Text-to-region grounding data
# # # # # # #

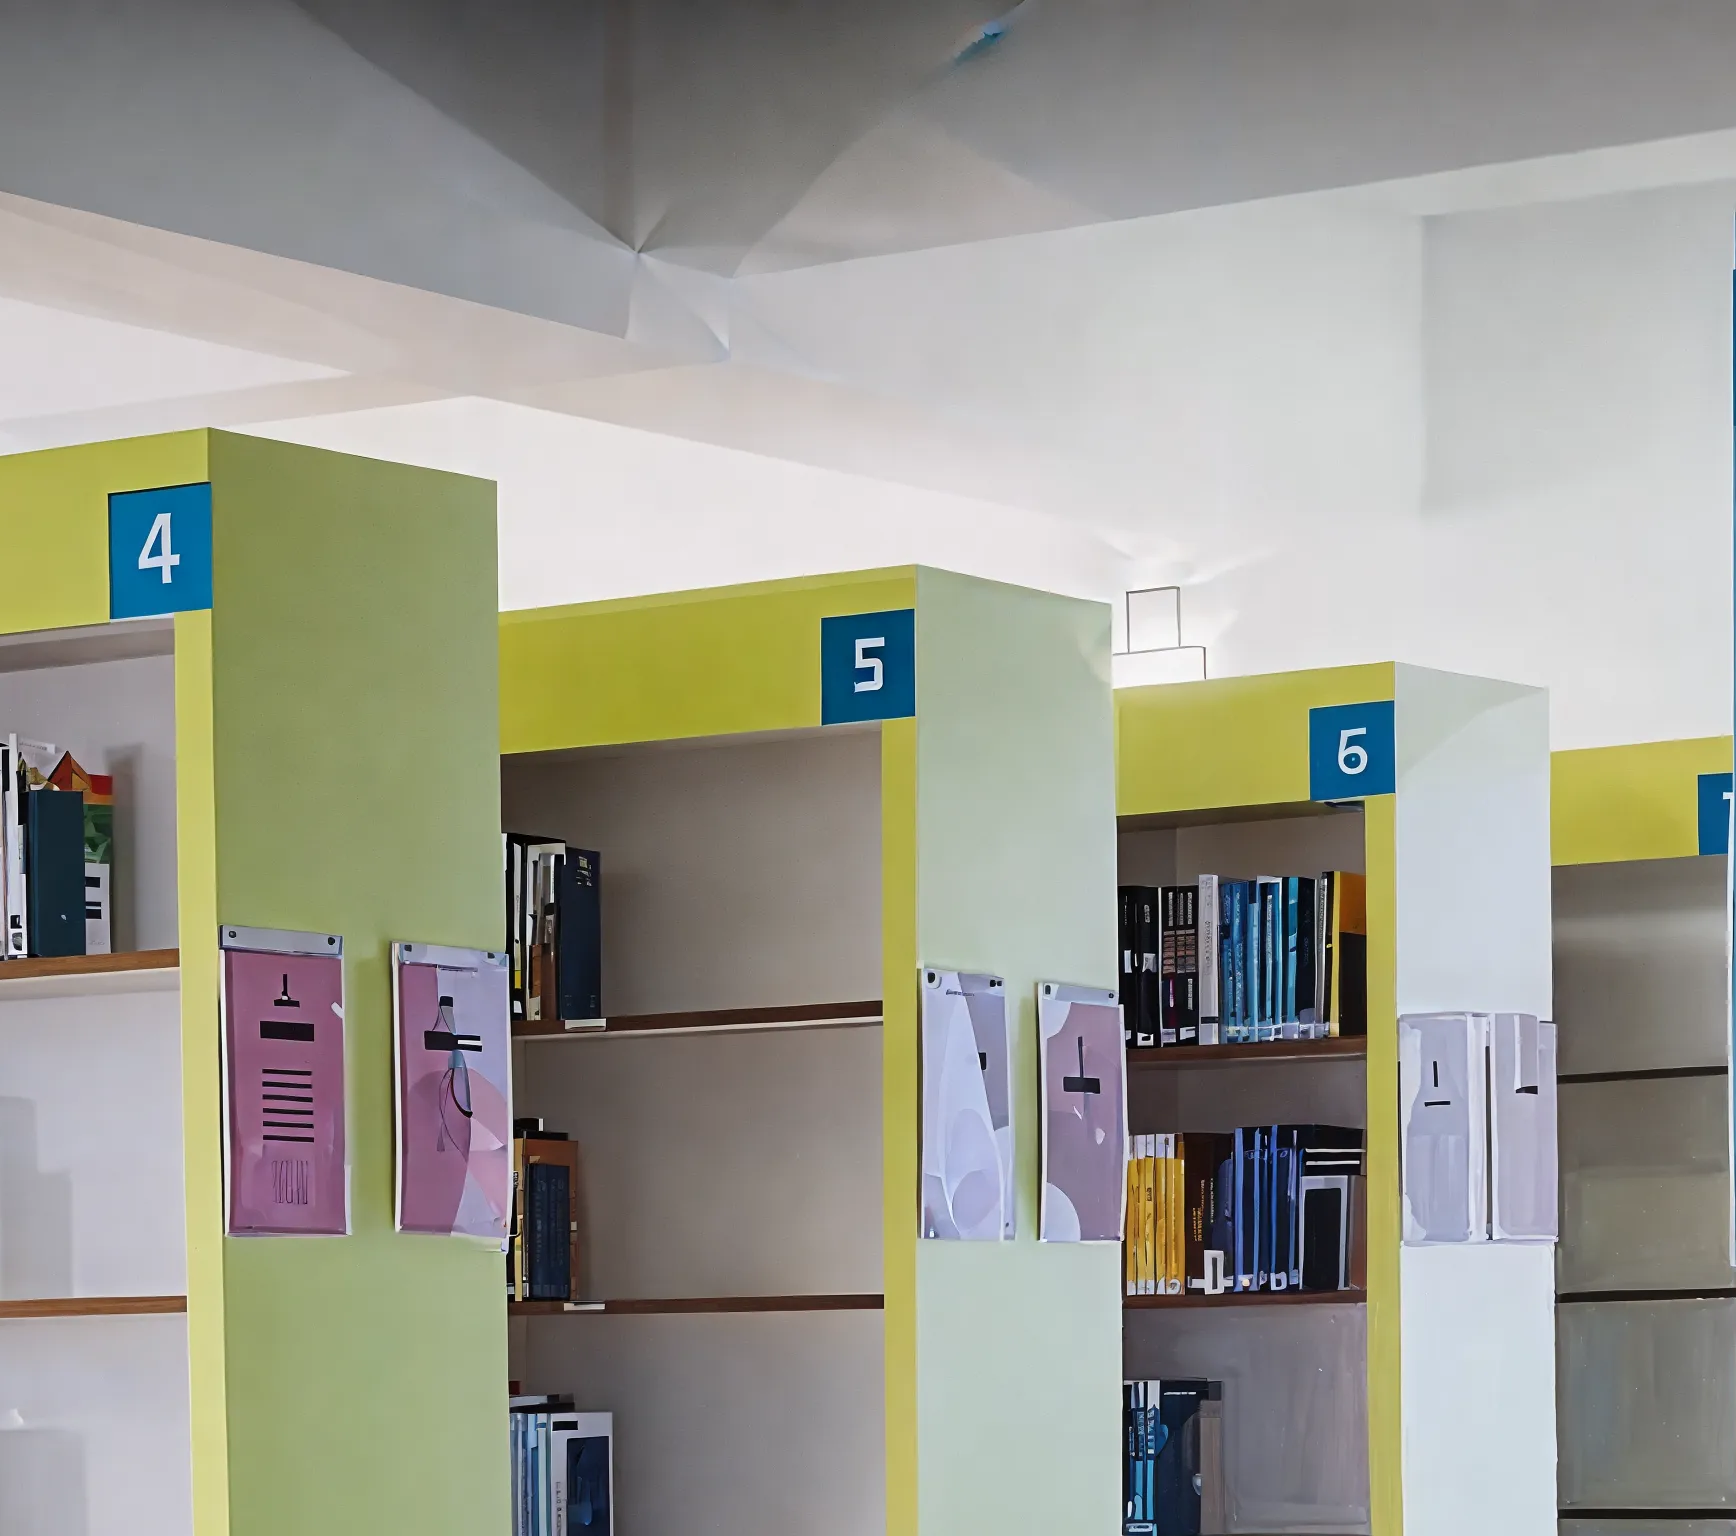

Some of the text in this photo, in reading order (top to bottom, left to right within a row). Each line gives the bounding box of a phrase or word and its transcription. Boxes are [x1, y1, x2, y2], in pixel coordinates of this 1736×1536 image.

[138, 512, 181, 584] 4
[853, 636, 885, 693] 5
[1337, 726, 1368, 775] 6
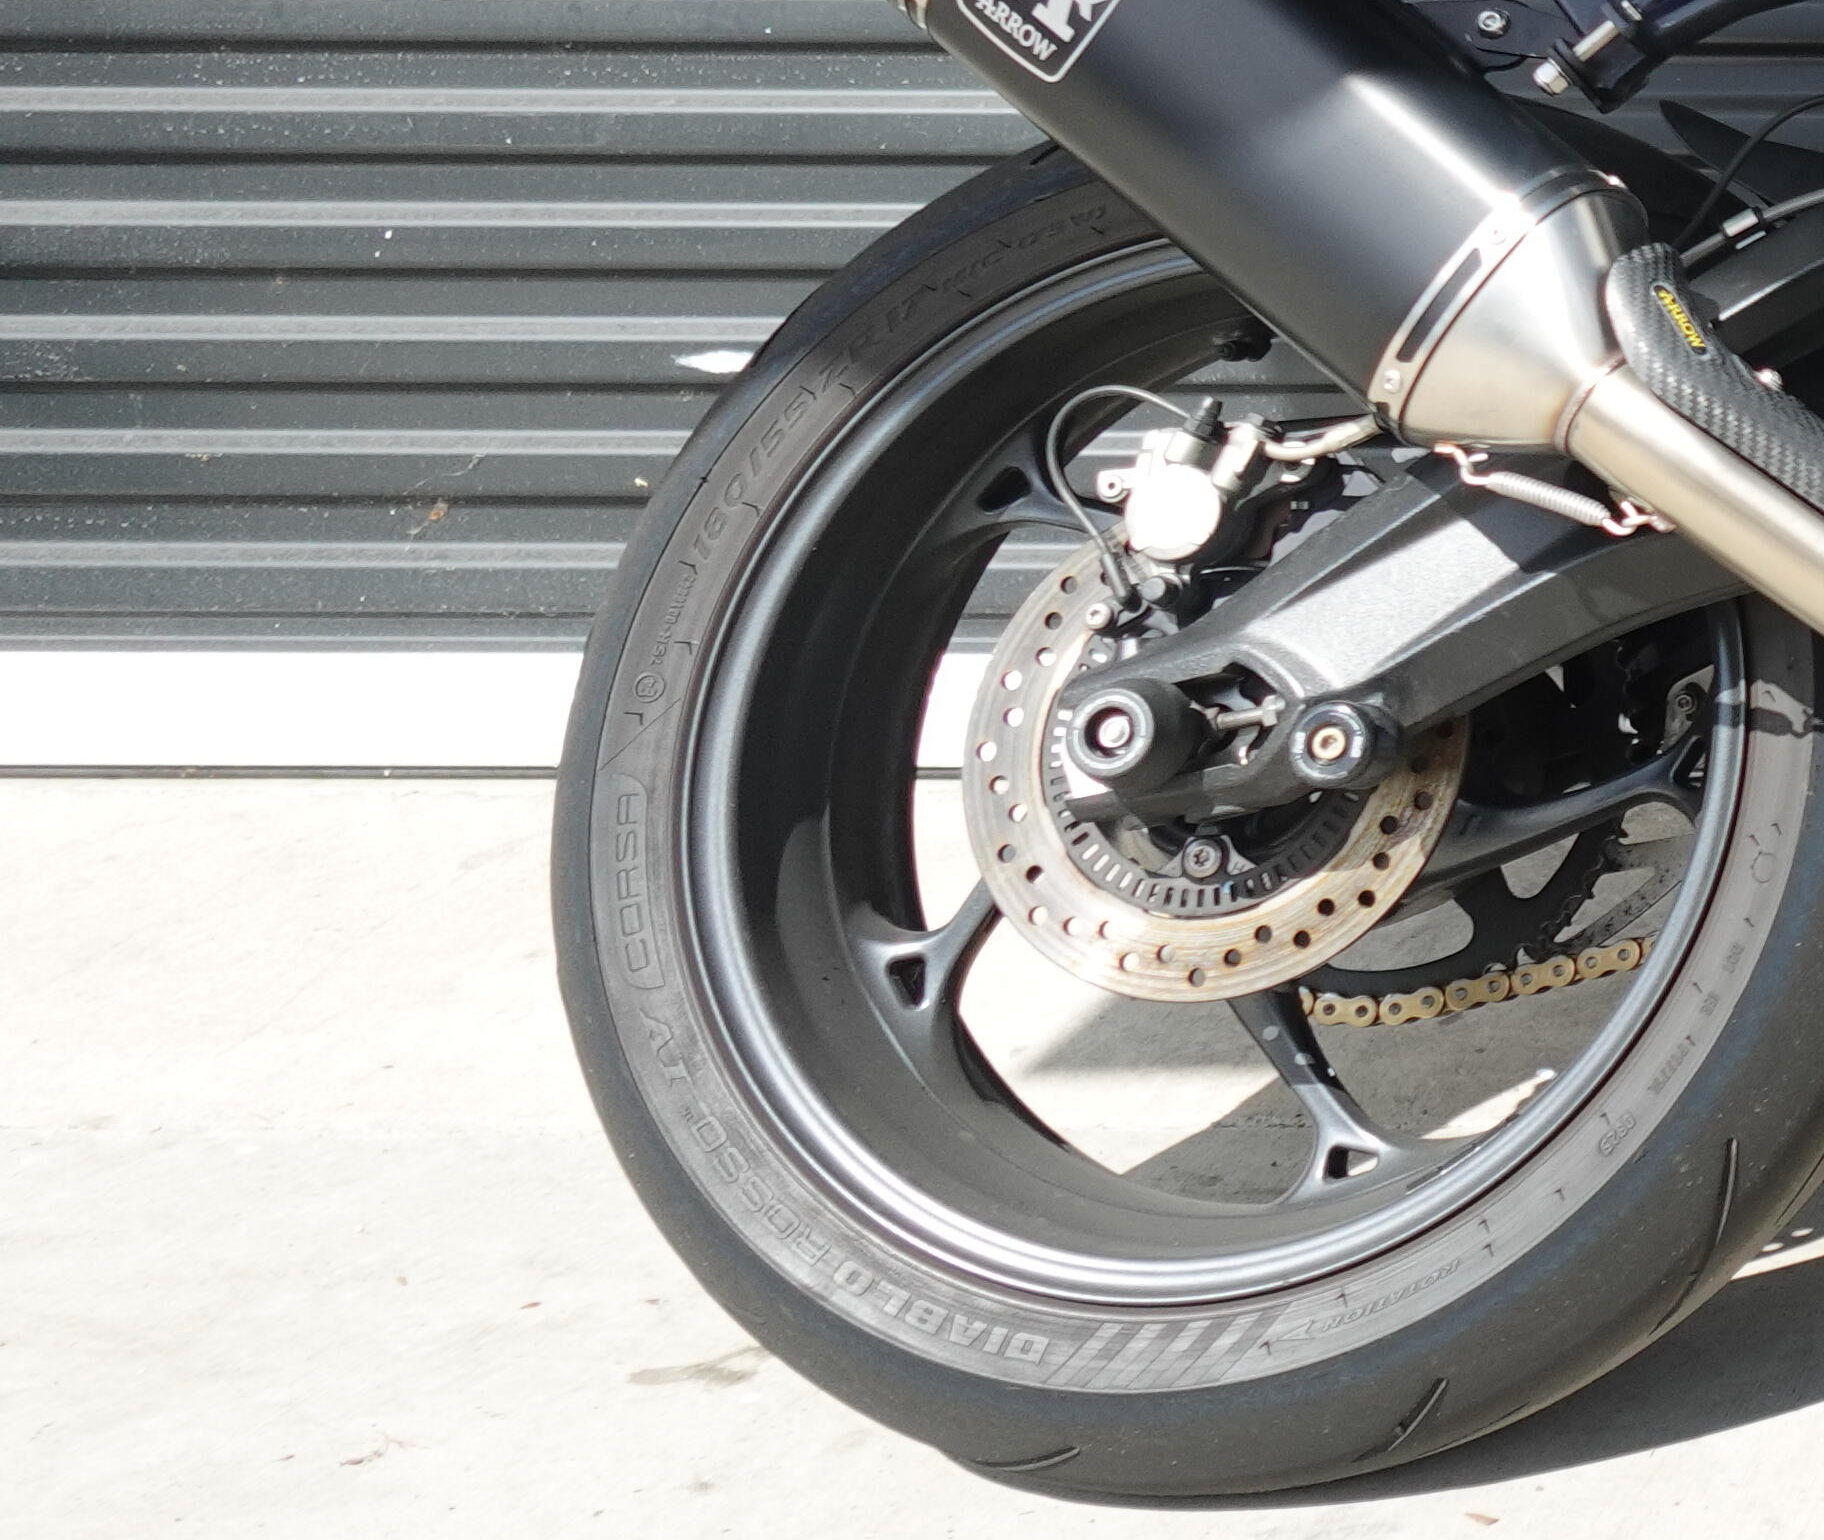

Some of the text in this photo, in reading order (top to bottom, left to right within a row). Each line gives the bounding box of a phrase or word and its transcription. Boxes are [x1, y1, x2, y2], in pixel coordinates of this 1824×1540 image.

# # # # # # #

Description of the task »
Repeat the data exactly as given. Keep every picture out of the copy.

Final answer »
Some of the text in this photo, in reading order (top to bottom, left to right within a row). Each line gives the bounding box of a phrase or word and its transcription. Boxes are [x1, y1, x2, y2], in pixel coordinates of this 1736×1536 image.

[138, 512, 181, 584] 4
[853, 636, 885, 693] 5
[1337, 726, 1368, 775] 6

Some of the text in this photo, in reading order (top to bottom, left to right within a row). Each line gives the bounding box of a phrase or word and its transcription. Boxes are [x1, y1, x2, y2], in pixel coordinates of this 1824×1540 image.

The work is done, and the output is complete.